Robert J. Bradbury, <email@example.com>, writes:
> The only statements that can be made with putting yourself squarely
> in the swamp is: "We don't see aliens that are our size nearby
> (literally walking around on earth)" and "Aliens do not appear
> to have restructured or consumed *all* of the stars in the galaxy".
I think you can make some stronger statements than this. With regard to the first statement, you can also say that there are no aliens or alien artifacts big enough to be visible on the other solar system bodies we have observed. You can say that there are no aliens on earth larger than elephants (land aliens, anyway). You can say that there are not too many aliens the size of insects, at least not in areas where people live. You can probably also put some limits on the amount of energy any hiding aliens on earth are using.

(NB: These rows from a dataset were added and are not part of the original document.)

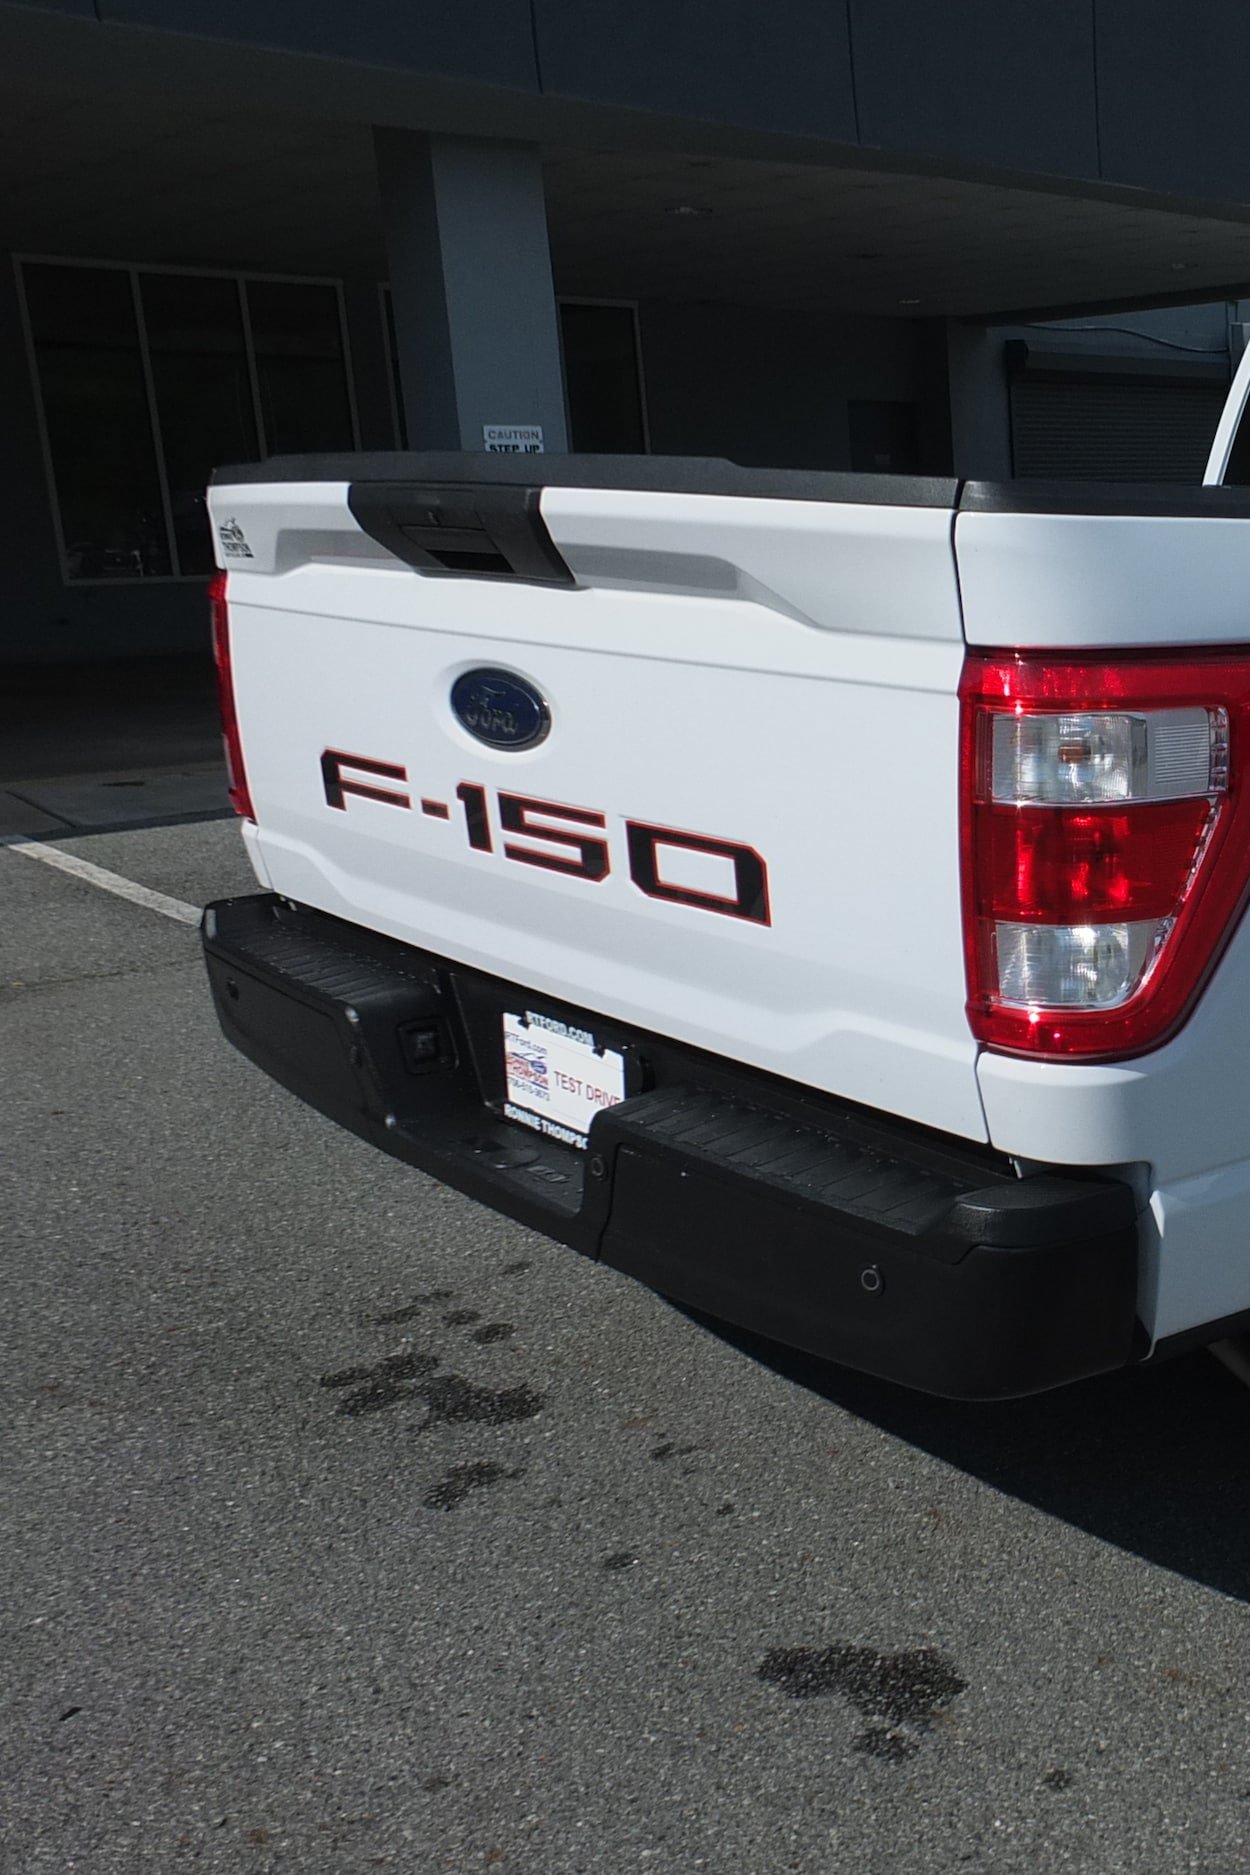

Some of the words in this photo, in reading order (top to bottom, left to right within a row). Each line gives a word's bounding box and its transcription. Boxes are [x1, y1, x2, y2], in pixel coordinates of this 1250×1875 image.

[487, 430, 540, 440] CAUTION
[489, 443, 520, 453] STEP
[525, 443, 541, 454] UP
[465, 685, 518, 735] Ford
[319, 746, 772, 927] F-150
[553, 1070, 583, 1096] TEST
[504, 1103, 541, 1131] RONNIE
[541, 1119, 588, 1150] THOMPSO

With regard to the second part, you can say that if aliens do restructure/consume stars, they appear to prefer small stars and avoid large ones (and then we must interpret microlensing events in a certain way). You can say that if they do this, they apparently do it to virtually all the galaxies we can see clearly (since all have similar missing mass), and all aliens follow the same policies in this regard. You can probably derive something from the fact that dark matter appears to be spherically distributed, while most visible/unmodified stars lie in the galactic plane, but I'm not sure what that tells us about the aliens.
Overall you can say that intentionally or accidentally, the aliens are creating a universe which looks a lot like one which could have evolved naturally.